◆ Requirement ◆
Every entry below is to be retyped exactly as it appears.

◆ Input data ◆
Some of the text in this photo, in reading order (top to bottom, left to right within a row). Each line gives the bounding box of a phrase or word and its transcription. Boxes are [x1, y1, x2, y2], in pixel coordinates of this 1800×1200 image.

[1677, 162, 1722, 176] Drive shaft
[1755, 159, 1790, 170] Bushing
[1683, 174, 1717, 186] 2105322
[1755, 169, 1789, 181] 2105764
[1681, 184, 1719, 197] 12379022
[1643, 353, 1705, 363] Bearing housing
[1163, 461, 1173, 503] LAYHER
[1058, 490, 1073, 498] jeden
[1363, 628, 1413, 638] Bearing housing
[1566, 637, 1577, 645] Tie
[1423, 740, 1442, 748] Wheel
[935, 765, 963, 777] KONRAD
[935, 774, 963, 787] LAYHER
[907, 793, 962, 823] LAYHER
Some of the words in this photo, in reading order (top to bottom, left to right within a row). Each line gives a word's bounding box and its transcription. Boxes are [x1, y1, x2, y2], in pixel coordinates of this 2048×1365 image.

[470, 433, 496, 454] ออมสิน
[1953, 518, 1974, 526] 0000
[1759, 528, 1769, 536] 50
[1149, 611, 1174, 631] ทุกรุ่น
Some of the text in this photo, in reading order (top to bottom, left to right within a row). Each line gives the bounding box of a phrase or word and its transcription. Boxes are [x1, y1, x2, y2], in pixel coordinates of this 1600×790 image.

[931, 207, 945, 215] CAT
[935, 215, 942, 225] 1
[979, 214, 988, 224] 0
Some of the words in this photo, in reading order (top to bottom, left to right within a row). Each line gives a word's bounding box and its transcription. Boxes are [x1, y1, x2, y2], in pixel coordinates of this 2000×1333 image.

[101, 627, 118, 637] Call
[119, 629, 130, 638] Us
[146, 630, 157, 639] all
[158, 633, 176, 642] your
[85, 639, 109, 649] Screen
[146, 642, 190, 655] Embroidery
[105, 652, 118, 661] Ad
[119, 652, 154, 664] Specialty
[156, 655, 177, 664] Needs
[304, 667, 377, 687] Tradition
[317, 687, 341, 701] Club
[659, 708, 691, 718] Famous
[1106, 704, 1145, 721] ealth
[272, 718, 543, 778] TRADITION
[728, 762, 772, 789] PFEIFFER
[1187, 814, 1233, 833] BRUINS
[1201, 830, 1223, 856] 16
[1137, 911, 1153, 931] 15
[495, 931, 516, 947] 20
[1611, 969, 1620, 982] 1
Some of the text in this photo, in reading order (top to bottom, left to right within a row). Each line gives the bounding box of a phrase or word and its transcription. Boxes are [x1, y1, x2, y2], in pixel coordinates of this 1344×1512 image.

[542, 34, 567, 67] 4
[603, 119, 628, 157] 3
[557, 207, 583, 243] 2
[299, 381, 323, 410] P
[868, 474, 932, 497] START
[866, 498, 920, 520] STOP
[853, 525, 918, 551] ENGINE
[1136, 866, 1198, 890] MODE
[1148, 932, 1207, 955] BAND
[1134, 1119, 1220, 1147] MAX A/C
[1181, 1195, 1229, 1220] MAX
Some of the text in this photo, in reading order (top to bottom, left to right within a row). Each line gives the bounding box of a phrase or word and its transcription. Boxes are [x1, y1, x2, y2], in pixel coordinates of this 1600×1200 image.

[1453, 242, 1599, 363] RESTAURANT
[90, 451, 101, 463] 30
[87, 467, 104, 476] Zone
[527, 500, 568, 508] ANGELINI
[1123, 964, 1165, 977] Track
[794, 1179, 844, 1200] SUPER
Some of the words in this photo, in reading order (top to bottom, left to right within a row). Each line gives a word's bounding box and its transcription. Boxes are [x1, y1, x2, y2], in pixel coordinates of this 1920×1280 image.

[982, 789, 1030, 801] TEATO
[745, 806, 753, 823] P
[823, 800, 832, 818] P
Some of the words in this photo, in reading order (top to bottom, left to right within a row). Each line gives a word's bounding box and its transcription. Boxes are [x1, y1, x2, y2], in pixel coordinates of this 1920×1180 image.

◆ Result of the task ◆
Some of the text in this photo, in reading order (top to bottom, left to right within a row). Each line gives the bounding box of a phrase or word and its transcription. Boxes are [x1, y1, x2, y2], in pixel coordinates of this 1800×1200 image.

[1677, 162, 1722, 176] Drive shaft
[1755, 159, 1790, 170] Bushing
[1683, 174, 1717, 186] 2105322
[1755, 169, 1789, 181] 2105764
[1681, 184, 1719, 197] 12379022
[1643, 353, 1705, 363] Bearing housing
[1163, 461, 1173, 503] LAYHER
[1058, 490, 1073, 498] jeden
[1363, 628, 1413, 638] Bearing housing
[1566, 637, 1577, 645] Tie
[1423, 740, 1442, 748] Wheel
[935, 765, 963, 777] KONRAD
[935, 774, 963, 787] LAYHER
[907, 793, 962, 823] LAYHER
Some of the words in this photo, in reading order (top to bottom, left to right within a row). Each line gives a word's bounding box and its transcription. Boxes are [x1, y1, x2, y2], in pixel coordinates of this 2048×1365 image.

[470, 433, 496, 454] ออมสิน
[1953, 518, 1974, 526] 0000
[1759, 528, 1769, 536] 50
[1149, 611, 1174, 631] ทุกรุ่น
Some of the text in this photo, in reading order (top to bottom, left to right within a row). Each line gives the bounding box of a phrase or word and its transcription. Boxes are [x1, y1, x2, y2], in pixel coordinates of this 1600×790 image.

[931, 207, 945, 215] CAT
[935, 215, 942, 225] 1
[979, 214, 988, 224] 0
Some of the words in this photo, in reading order (top to bottom, left to right within a row). Each line gives a word's bounding box and its transcription. Boxes are [x1, y1, x2, y2], in pixel coordinates of this 2000×1333 image.

[101, 627, 118, 637] Call
[119, 629, 130, 638] Us
[146, 630, 157, 639] all
[158, 633, 176, 642] your
[85, 639, 109, 649] Screen
[146, 642, 190, 655] Embroidery
[105, 652, 118, 661] Ad
[119, 652, 154, 664] Specialty
[156, 655, 177, 664] Needs
[304, 667, 377, 687] Tradition
[317, 687, 341, 701] Club
[659, 708, 691, 718] Famous
[1106, 704, 1145, 721] ealth
[272, 718, 543, 778] TRADITION
[728, 762, 772, 789] PFEIFFER
[1187, 814, 1233, 833] BRUINS
[1201, 830, 1223, 856] 16
[1137, 911, 1153, 931] 15
[495, 931, 516, 947] 20
[1611, 969, 1620, 982] 1
Some of the text in this photo, in reading order (top to bottom, left to right within a row). Each line gives the bounding box of a phrase or word and its transcription. Boxes are [x1, y1, x2, y2], in pixel coordinates of this 1344×1512 image.

[542, 34, 567, 67] 4
[603, 119, 628, 157] 3
[557, 207, 583, 243] 2
[299, 381, 323, 410] P
[868, 474, 932, 497] START
[866, 498, 920, 520] STOP
[853, 525, 918, 551] ENGINE
[1136, 866, 1198, 890] MODE
[1148, 932, 1207, 955] BAND
[1134, 1119, 1220, 1147] MAX A/C
[1181, 1195, 1229, 1220] MAX
Some of the text in this photo, in reading order (top to bottom, left to right within a row). Each line gives the bounding box of a phrase or word and its transcription. Boxes are [x1, y1, x2, y2], in pixel coordinates of this 1600×1200 image.

[1453, 242, 1599, 363] RESTAURANT
[90, 451, 101, 463] 30
[87, 467, 104, 476] Zone
[527, 500, 568, 508] ANGELINI
[1123, 964, 1165, 977] Track
[794, 1179, 844, 1200] SUPER
Some of the words in this photo, in reading order (top to bottom, left to right within a row). Each line gives a word's bounding box and its transcription. Boxes are [x1, y1, x2, y2], in pixel coordinates of this 1920×1280 image.

[982, 789, 1030, 801] TEATO
[745, 806, 753, 823] P
[823, 800, 832, 818] P
Some of the words in this photo, in reading order (top to bottom, left to right within a row). Each line gives a word's bounding box and its transcription. Boxes are [x1, y1, x2, y2], in pixel coordinates of this 1920×1180 image.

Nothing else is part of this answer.